The workflow and CNN architecture is shown in Figure 1. There are four convolutional layers, the kernel number for each layer is 64, 128, 256, and 256, and the kernel size is (3 × 3 × z) with stride (1,1), where (x,y) is the transverse plane and z is the axial direction of the input. All the convolution operations are performed to keep the size of the output the same as the input after each convolutional layer. Each convolutional layer is followed by a batch normalization layer and a ReLU activation. The first two convolutional layers are followed by an average pooling 2-D layer with a size of 2×2 and stride of (2,2). Then, a dropout layer with 20% drop rate connects the last convolutional layer and fully connected layer. Finally, the fully connected layer with output size 3 connects the output deformation vector ϕ(u) = (dx,dy,dz). The loss function is the Mean Squared Error. In the training stage, the epochs are 60, the batch size is 128, the initial learning rate is 1e-3, and the learning rate drop is 10% every ten epochs.

Figure 1 The CNN architecture and the general workflow of training and testing. CNN, convolutional neural network.

Experimental design

The goal of the network is to predict the DVF that registers the input image pair efficiently. In order to test the generalizability of our network under different circumstances, different studies combining different training and testing data sets were used, as shown in Table 1. Overall, nine 4D-CT volumes from eight patients with lung cancer from Duke University Medical Center were used for study 1, 2, 3 and 6. The study was approved by the Ethics board of Duke (No.: 00049474) and informed consent was taken from all the patients.

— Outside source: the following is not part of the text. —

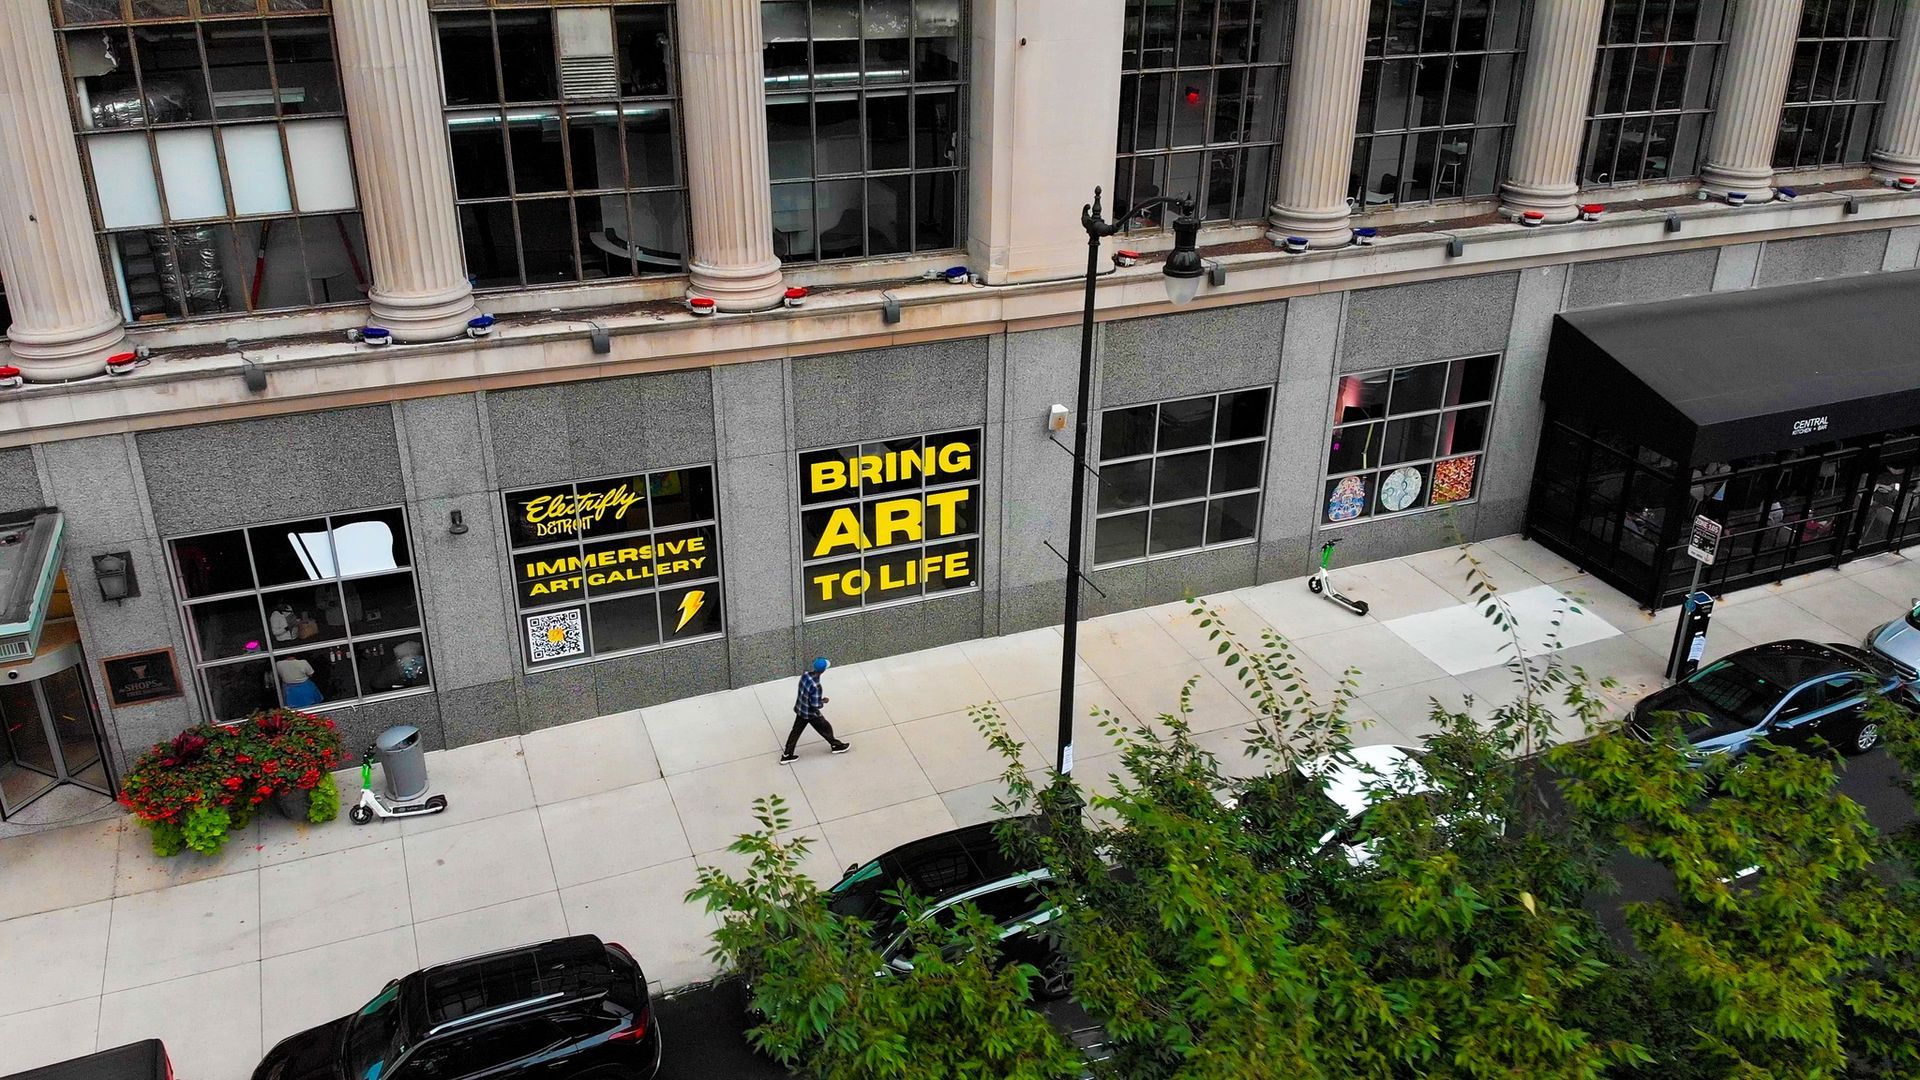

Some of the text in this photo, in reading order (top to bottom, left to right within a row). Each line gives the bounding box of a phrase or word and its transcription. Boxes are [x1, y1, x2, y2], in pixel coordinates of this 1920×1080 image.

Also, the 4D-CBCT volumes and projections from the public datasets Sparse-view Reconstruction Challenge for Four-dimensional Cone-beam CT (SPARE) (12) were used for study 4 and 5. For each dataset, there are 10 phases for the respiratory motion.

Table 1
Table 1 Studies with different training and testing datasets
Full table

Study 1: feasibility study

The training and predicting samples are from the same 4D-CT volume. The network is trained with learning the deformation from phase 1 to phase 6, and it is applied to predict the deformation from phase 1 to phase 7. The feasibility of CNN for deformable registration was tested with this study.

Study 2: robustness study against inter-fractional anatomical differences

The training and predicting samples are from the two 4D-CT volumes from the same patient with lung cancer. The model is trained to learn the deformation from phase 1 to all the other phases from the first set of 4D-CT volume, and it is applied to predict the deformation from phase 1 to all the other phases on the second 4D-CT volume. Two sets of 4D-CT volumes were taken at different times. Therefore anatomic difference was introduced between training and predicting samples to test the network’s robustness against inter-fractional anatomical differences.

Study 3: robustness study against cone-beam sampling artifacts

Two simulated 4D-CBCT were reconstructed from digital reconstructed radiography (DRRs) generated from the double 4D-CT in study 2 based on the cone-beam geometry. The training and predicting setup is the same as trial 2. The sampling artifacts of cone-beam geometry was introduced in this test.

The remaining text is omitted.